On pourrait aussi faire référence dans ce contexte aux Chambres
spécialisées pour le Kosovo (qui appartiennent au système judiciaire
du Kosovo*
mais ont leur siège à La Haye),
instaurées en 2015.
39. Bien que le Conseil de sécurité des Nations Unies ait adopté
des résolutions rappelant que Daech représente une menace globale
pour la paix et la sécurité internationales par ses actes de terrorisme,
les attaques flagrantes, systématiques et généralisées qu’il continue
de mener contre des civils, ses violations du droit humanitaire
et son recrutement de combattants terroristes étrangers
, il
est actuellement peu probable qu’il établisse un tribunal
ad hoc pour poursuivre et punir
ses crimes en vertu du chapitre VII de la Charte des Nations Unies,
à l’instar de ceux mis en place pour l’ex-Yougoslavie et le Rwanda
dans les années 1990. L’établissement d’un tribunal hybride sur
la base d’un accord entre l’État dans lequel les crimes ont été
commis et les Nations Unies – bien que cette démarche ne nécessite
pas forcément la participation du Conseil de sécurité
– est pratiquement impossible
sans le consentement et la participation active de l’Irak et/ou
de la Syrie.
40. En 2019, le Gouvernement suédois a proposé la création d’un
tribunal international pour traduire en justice les combattants
de Daech, une initiative soutenue par les Pays-Bas
. Le fondement juridique
d’un tel tribunal pourrait être un traité multilatéral en vertu
duquel les parties transféreraient au tribunal la compétence qu’elles
exercent sur les membres de Daech (principe de la personnalité active).
Cette proposition a été critiquée pour son aspect sélectif (elle
ne s’adressait qu’à un seul groupe impliqué dans le conflit) et
d’aucuns lui ont par ailleurs reproché de permettre aux États européens
d’échapper à leurs responsabilités en matière de rapatriement.

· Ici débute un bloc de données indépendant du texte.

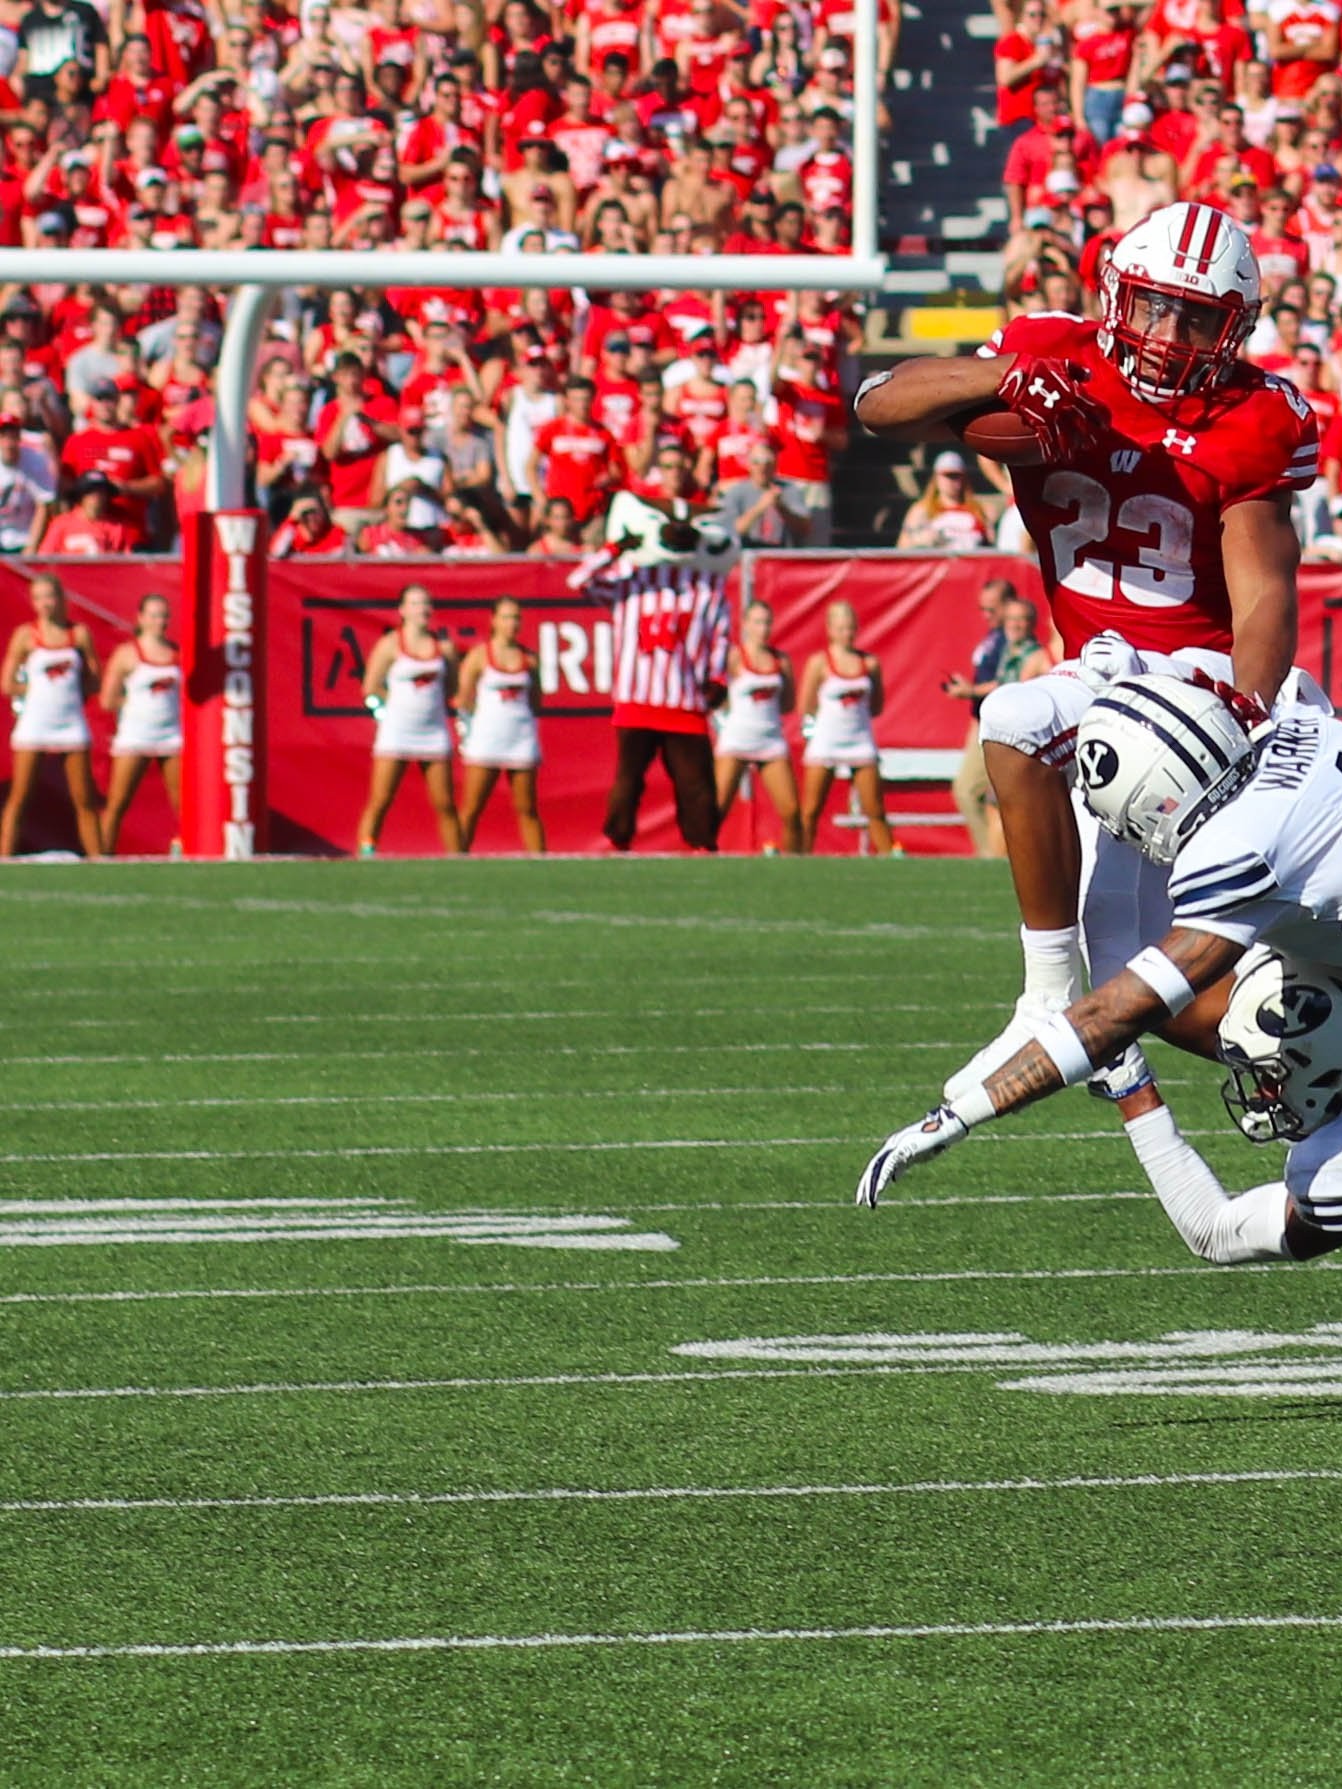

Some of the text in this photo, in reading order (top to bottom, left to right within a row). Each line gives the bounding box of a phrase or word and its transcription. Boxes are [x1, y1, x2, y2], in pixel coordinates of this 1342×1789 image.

[1110, 450, 1142, 474] W
[1043, 471, 1196, 608] 23
[214, 515, 255, 861] WISCONSIN
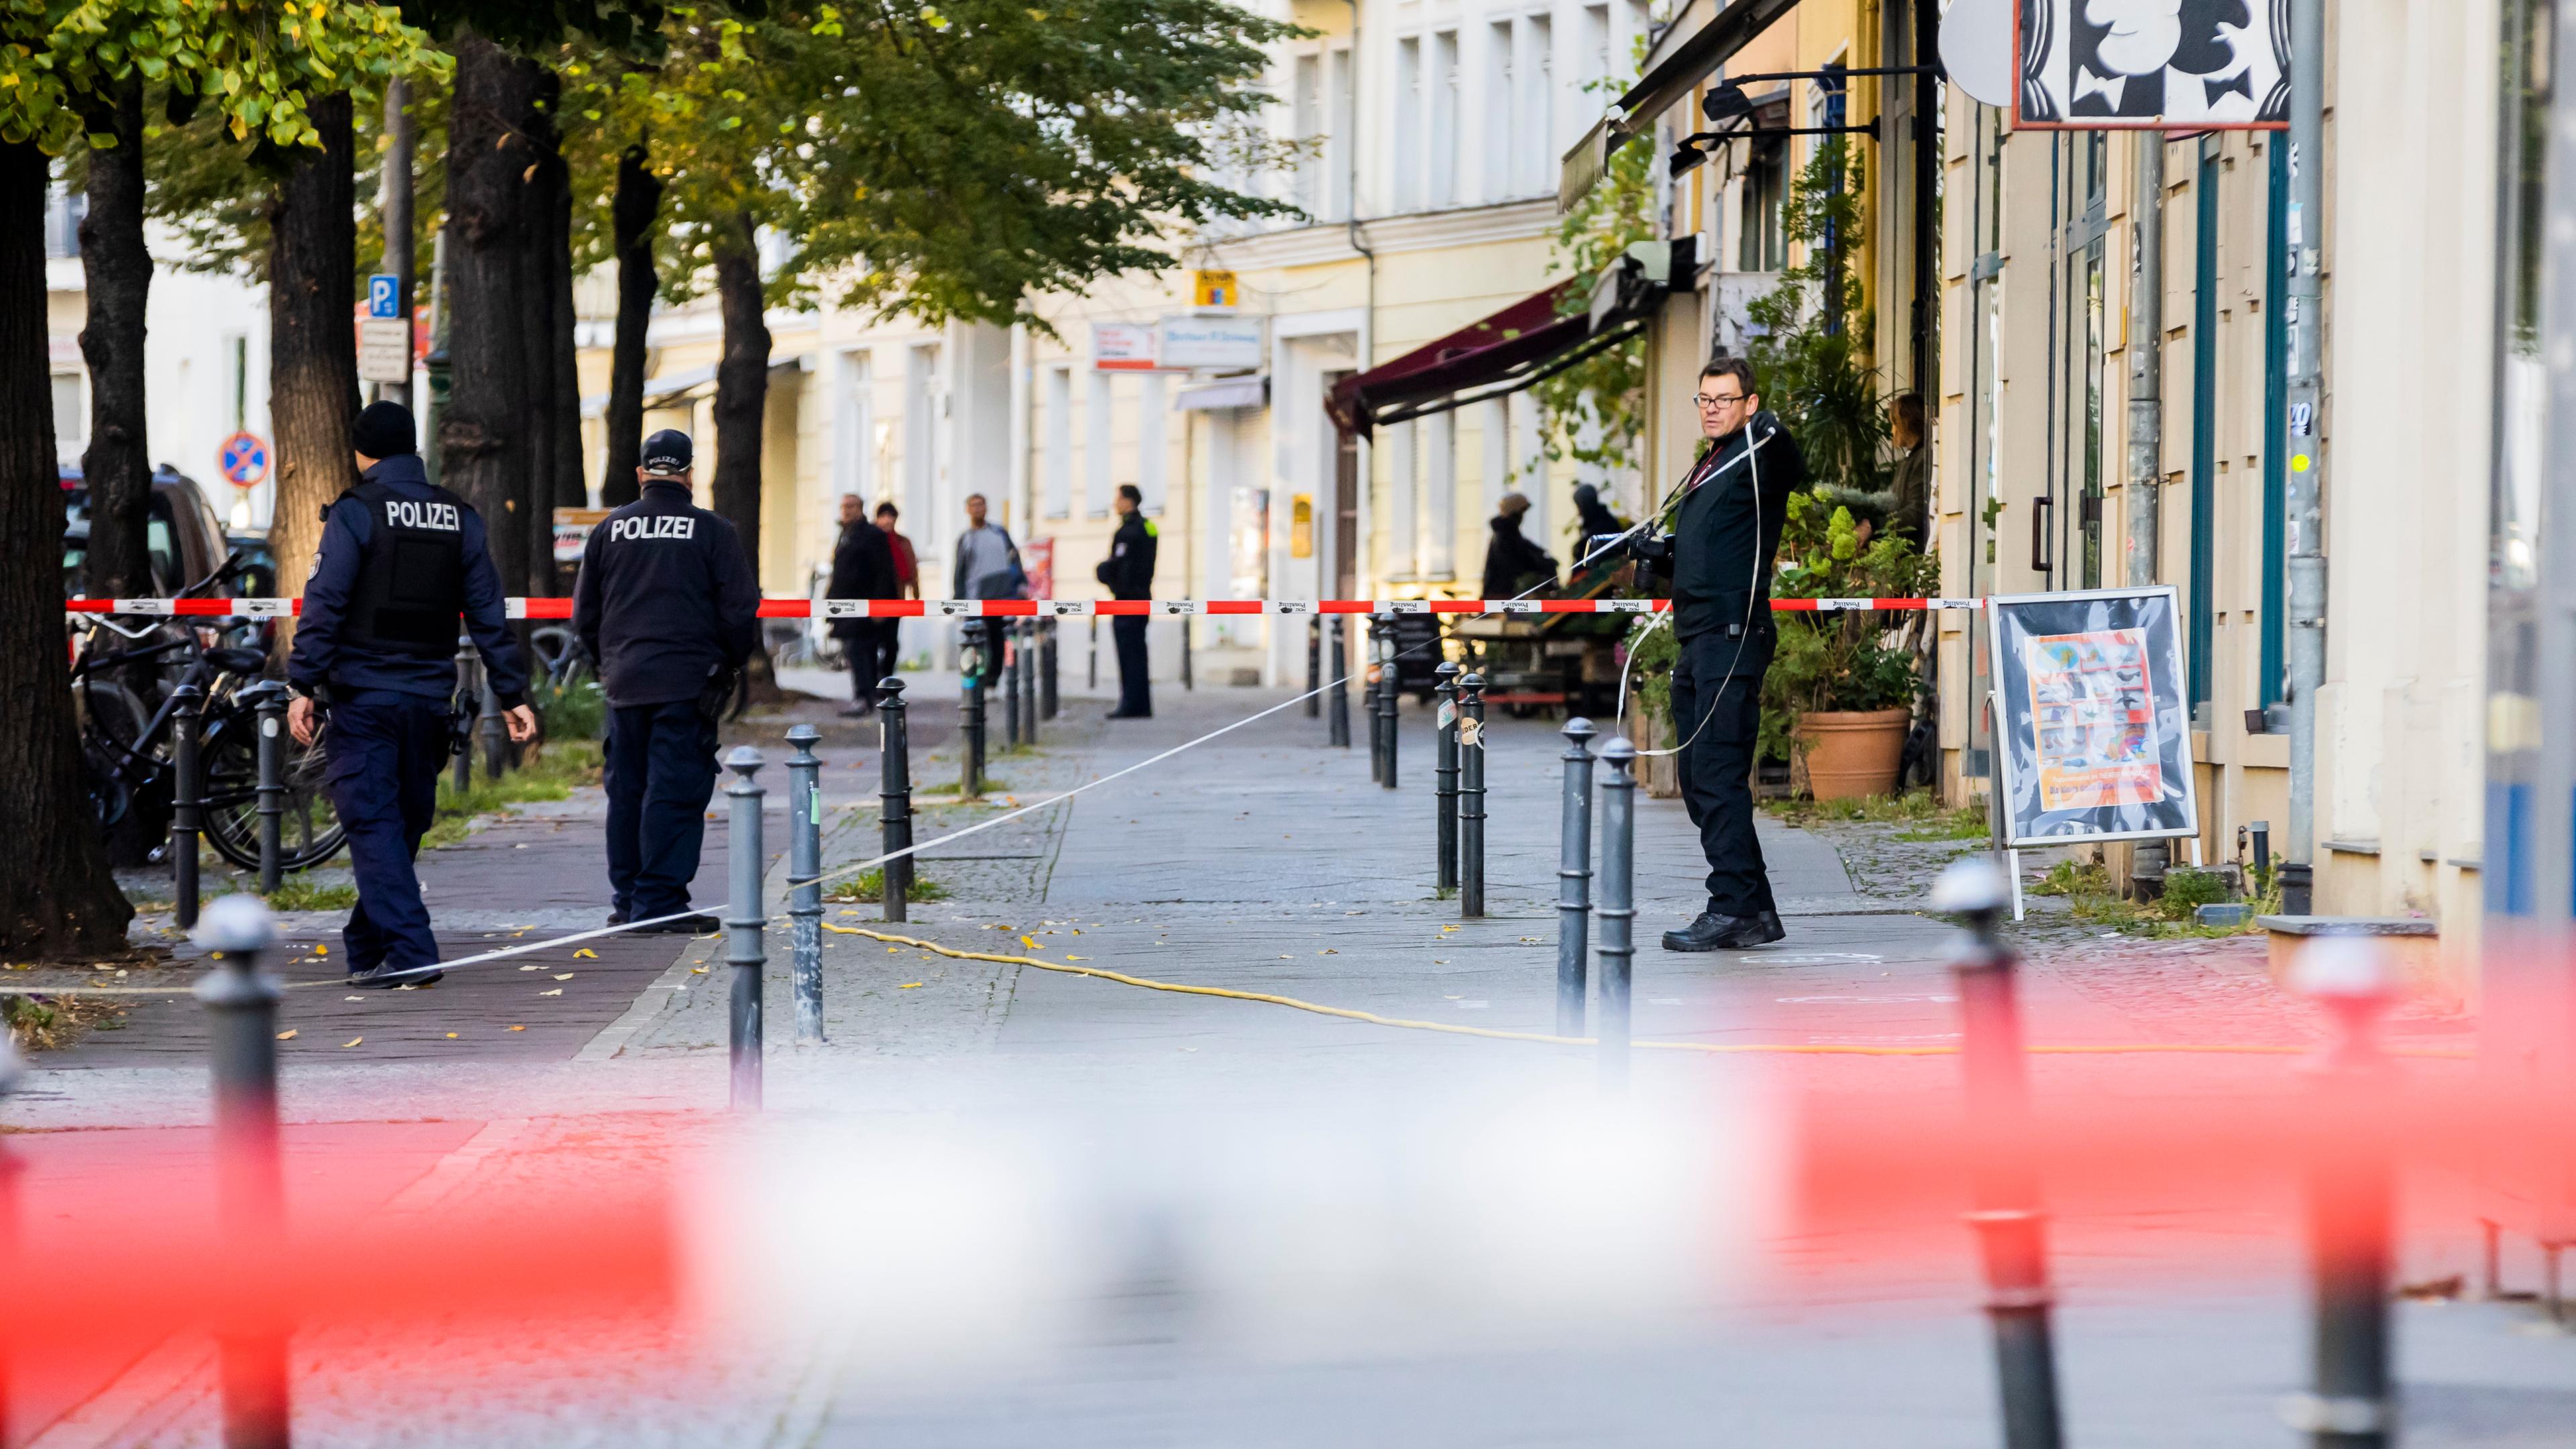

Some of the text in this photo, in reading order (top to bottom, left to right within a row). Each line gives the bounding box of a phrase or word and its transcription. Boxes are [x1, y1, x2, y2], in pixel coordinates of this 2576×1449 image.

[373, 280, 391, 313] P
[649, 456, 680, 466] POLIZEI
[386, 501, 460, 531] POLIZEI
[611, 516, 695, 542] POLIZEI

Enfin,
il a été avancé que sans la participation ou la coopération des
États territoriaux (Irak et Syrie), et avec seulement un petit nombre
d’États impliqués, le tribunal spécial ne pourrait apporter qu’une contribution
limitée à la lutte contre l’impunité et à la justice
.
41. Bien que je sois conscient des difficultés pratiques auxquelles
se heurte la création d’un nouveau tribunal international, je continue
à croire que la meilleure solution serait un mécanisme juridictionnel international
ayant pour mandat de poursuivre et punir les crimes internationaux
commis par les membres de Daech. Si, comme cela semble être le cas,
la proposition d’établir un tribunal hybride au sein des tribunaux nationaux
irakiens (ou une variante avec des experts internationaux) reste
lettre morte
, les États membres devraient
plutôt envisager la création d’un tribunal spécial international
à part entière. Ce tribunal pourrait être compétent pour les membres
de Daech qui sont ressortissants d’un État membre, qui sont détenus
en Irak et/ou en Syrie et qui ne peuvent y être jugés conformément
aux normes internationales relatives aux droits de l’homme. Il traiterait
les crimes internationaux qui relèvent du droit international coutumier,
notamment les crimes de guerre, les crimes contre l’humanité et
le génocide
. Les États membres
devraient favoriser la création d’un tel tribunal, éventuellement
par le biais d’un traité multilatéral, au sein de l’Assemblée générale des
Nations Unies, du Conseil de l’Europe ou de l’Union européenne.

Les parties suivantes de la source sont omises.